Антидемократизм, отсутствие нормальных обратных связей в обществе, доведенный до произвола принцип «демократического централизма» — все это в конечном счете привело к формированию оторванной от общества элиты, прежде всего из лиц данной национальности. Борьба национальных элит с Центром привела к появлению межнациональных конфликтов и в конце концов — к развалу СССР. Такая трактовка причин нынешнего этнического кризиса предполагает объективное существование позитивных перспектив выхода из него. Проблемы сегодняшней ситуации объясняют понятием «переходный период», который якобы необходим для того, чтобы найти оптимальные формы взаимодействия национальных аспектов государственного устройства с чисто экономическими и территориальными.
 Не «переход», а распад мы переживаем. Причина возникновения межнационального кризиса видится в соединении двух основных факторов. К первому относятся те реальные противоречия жизни различных национальностей, которые накапливались в их исторической памяти, но не находили разрешения в условиях национальной политики, проводимой руководством СССР. В ряду этих противоречий, безусловно, найдется место и порокам национально-государственного устройства, однако, на наш взгляд, эта причина лишь усилила уже разгоревшийся конфликт, придала ему особую окраску.
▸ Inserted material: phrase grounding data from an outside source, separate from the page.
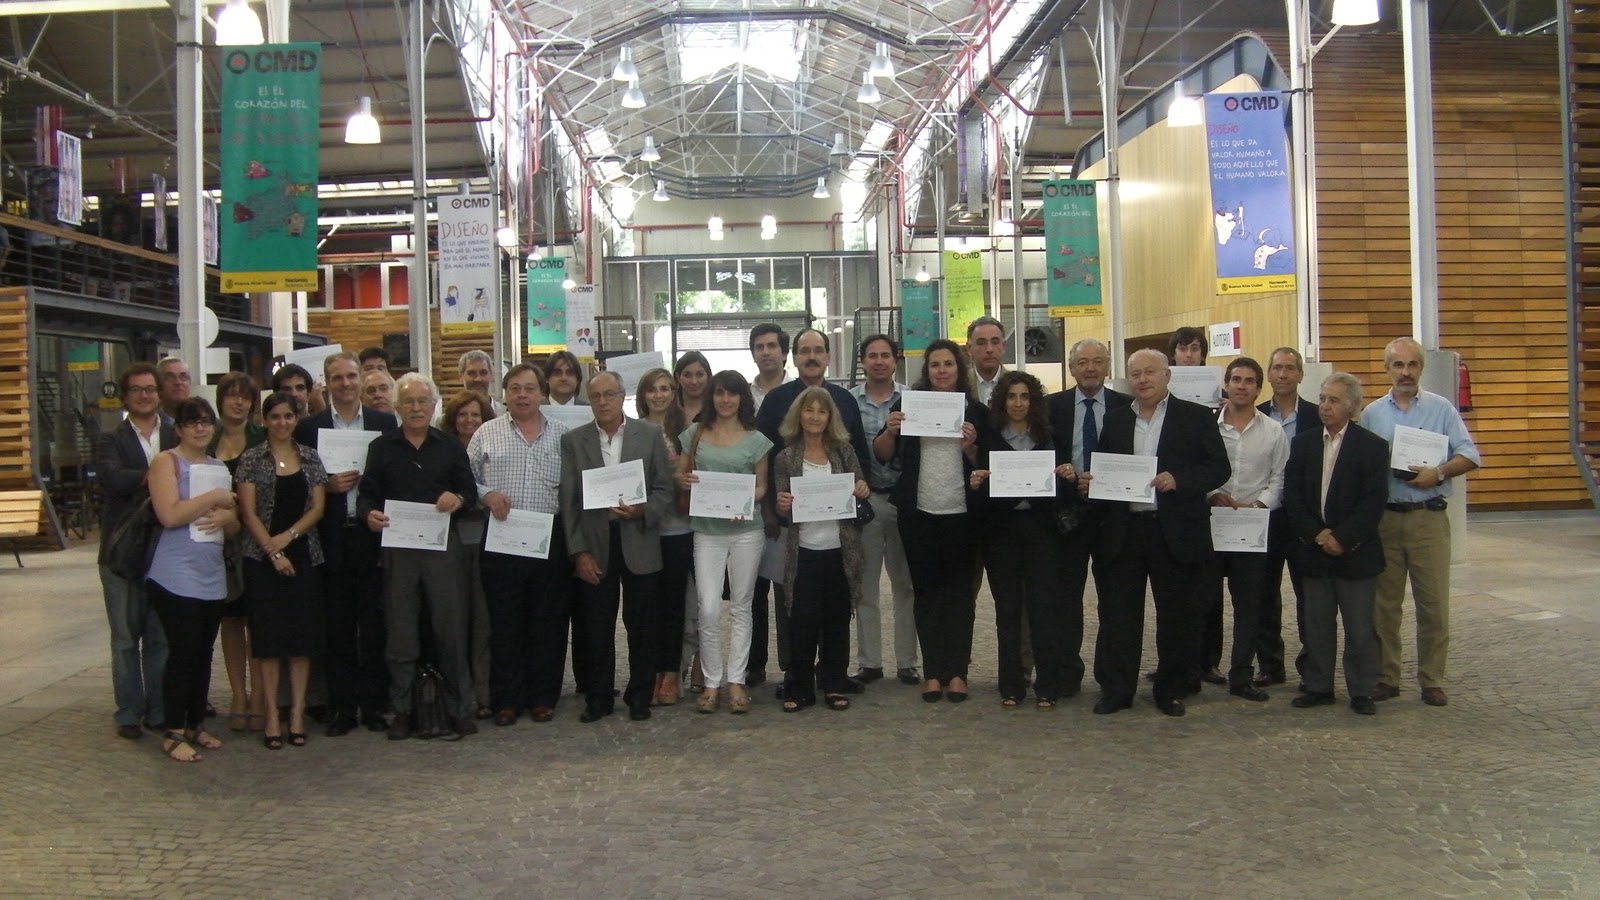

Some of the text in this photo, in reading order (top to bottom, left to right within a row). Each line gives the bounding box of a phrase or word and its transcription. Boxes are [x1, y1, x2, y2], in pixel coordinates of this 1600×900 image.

[254, 51, 316, 73] CMD
[259, 85, 284, 96] ES EL
[235, 98, 308, 109] CORAZÓN DEL
[1241, 96, 1278, 110] CMD
[1061, 184, 1095, 196] CMD
[463, 198, 490, 208] CMD
[442, 220, 488, 240] DISEÑO
[540, 260, 564, 269] CMD
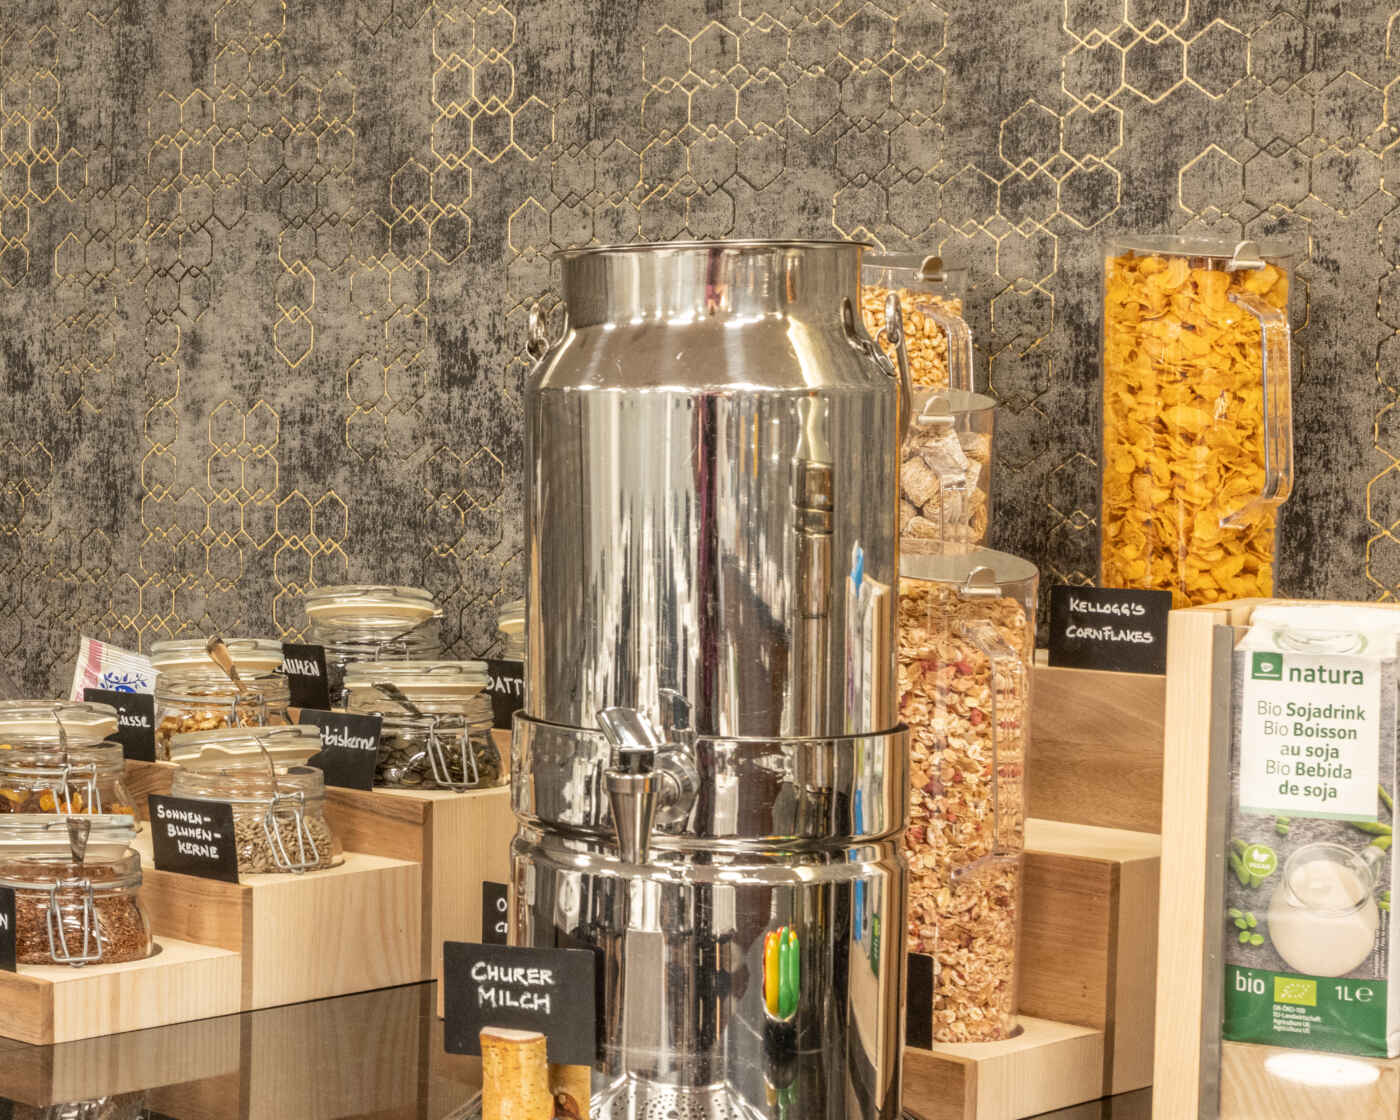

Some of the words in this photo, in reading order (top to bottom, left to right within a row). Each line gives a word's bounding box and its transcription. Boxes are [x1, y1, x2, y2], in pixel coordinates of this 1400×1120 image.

 Данный комплекс причин сам по себе не содержал критического потенциала, способного взорвать Советский Союз изнутри. Большинство народов страны, несмотря на реальные и мнимые, искусственно подогреваемые претензии к режиму или к другим народам, тем не менее желало жить в союзе друг с другом. Этот факт зафиксирован в результате мартовского референдума 1991 г.
 Второй фактор как раз и явился детонатором, не только воспламенившим накопившуюся взрывоопасную массу, но и многократно усилившим ее разрушительную силу. Этот фактор возник как следствие бессистемных и неумелых попыток преобразования тоталитарной по своей природе, искусственной, но в достаточной степени внутренне интегрированной политико-экономической системе по образцам антагонистичной ей либерально-демократической модели.
 Обреченность перестройки заключалась прежде всего в ее «верхушечном» характере. Не заботясь об идейных, социально-экономических, политических и исторических системных основах, «реформаторы» во главе с М.Горбачевым начали с того, что стали ограничивать властное давление по разным направлениям: сначала — по идейному, затем — экономическому, социальному и, наконец, уже вынужденно — по политическому.
 В результате власть постепенно становилась инородным телом внутри системы, в первую очередь по отношению к ее основам. Общество некоторое время управлялось по инерции, однако уже на начальном этапе стали возникать кризисные явления. К ним следует отнести в первую очередь Алма-Атинские события 1986 г. То, что эти события были спровоцированы борьбой в высших эшелонах партийной власти страны, а не противоречиями социально-экономического или национального характера, доказывает хотя бы сравнительно быстро последовавшая стабилизация обстановки. Казахстан до самых последних дней существования СССР оставался наиболее спокойной и лояльной к Союзу республикой.
 Инерция централизованного, партийно-административного управления практически сошла на нет вскоре после отмены осенью 1989 г. 6-ой статьи Конституции СССР о руководящей роли партии. Среди немногих соединительных элементов всей государственной конструкции к этому моменту оставались лишь традиционные исторические связи и прочная экономическая взаимозависимость республик и регионов.
 Однако, во-первых, нормальное хозяйственное функционирование регионов было приспособлено только под единую, партийно-централизованную систему руководства. В условиях ее фактического отсутствия стал нарастать экономический кризис, выход из которого республики и регионы начали искать на путях ограничения взаимного обмена. Во-вторых, одновременно с этим произошел открытый выход межнациональных противоречий, придавленных прежде партийно-государственным прессом (в некоторых республиках это произошло раньше, чем во всесоюзном масштабе — именно в этот период). В итоге во всех субъектах советской Федерации оформился политический сепаратизм.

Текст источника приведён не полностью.